Saqsaq apparently only stopped at the bakery for coffee, and planned to proceed to a final destination to detonate the bomb, but when he saw the police approaching, he detonated the bomb in the bakery.

This was Eilat's first suicide bombing, and the first attack to succeed against Israel since 17 April 2006 (others had been attempted, but thwarted by Israeli security forces). Although it was the first suicide bomb to hit the city which is a quiet Red Sea holiday resort, through the years there have been other acts of terror committed near Eilat.

==The perpetrators==
Palestinian Islamic Jihad claimed responsibility for the attack, together with two other terrorist groups. The bomber was identified as 21-year-old Muhammad Faisal al-Siksik from northern Gaza. Al-Siksik's family noted that he was missing for three days, but they knew he was going on a suicide bombing mission.

==Aftermath==
Near the site of the attack, a memorial was built in memory of the three people killed in the attack.

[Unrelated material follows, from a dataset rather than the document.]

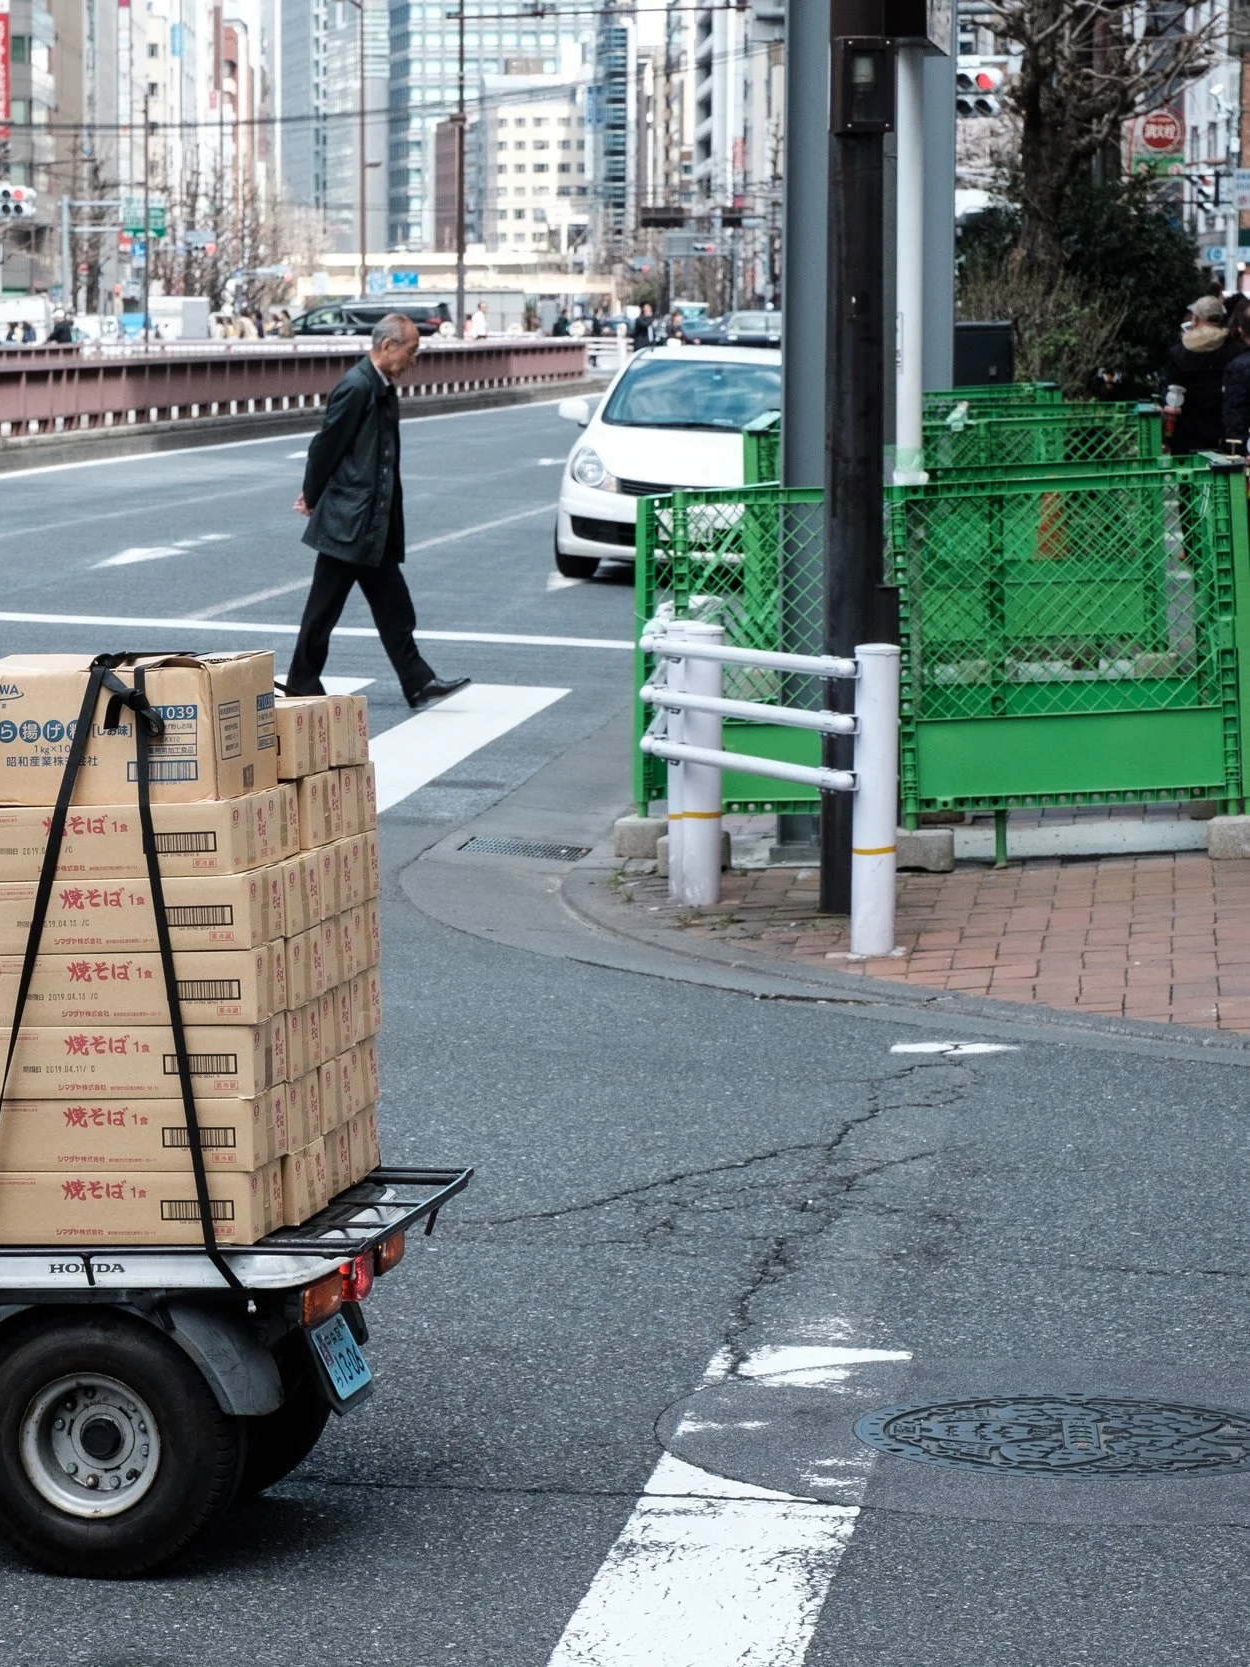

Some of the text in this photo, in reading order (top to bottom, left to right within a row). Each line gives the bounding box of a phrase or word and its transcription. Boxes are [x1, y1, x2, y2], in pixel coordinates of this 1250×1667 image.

In the Gaza Strip, a large crowd gathered outside the perpetrator's home to praise the attack. "Mohammed be happy, You will go directly to heaven." the crowd chanted, while children held pictures of the perpetrator. He looked pensive in one image, and held a machine gun in another.

==Government reactions==
- International
- Germany: Germany, then-holder of the European Union presidency, condemned the attack "in the strongest terms." An EU presidency statement said Germany "urges the Palestinian leadership to do everything in its power to put an end to terror and bring to justice those who support terror."
- Jordan: King Abdullah condemned the bombing, saying in a statement that "such attacks will only increase the sufferings of the Palestinians."
- Sweden: Minister for Foreign Affairs Carl Bildt said, "I condemn today's terrorist attack in Eilat, Israel. Violence that targets civilians is totally unacceptable. [...] The infighting among Palestinian groups is claiming more and more victims. Palestinian leaders must therefore take their responsibility and quickly find a way to resolve the crisis using peaceful means."
- United Kingdom: Foreign Secretary Margaret Beckett said, "We utterly condemn this morning's suicide attack in Eilat. There can be no justification for such attacks."
- United States: White House spokesman Tony Snow said the responsibility of the bombing lies with the Palestinian Authority government. He added, "Failure to act against terror will inevitably affect relations between that government and the international community and undermine the aspirations of the Palestinian people for a state of their own."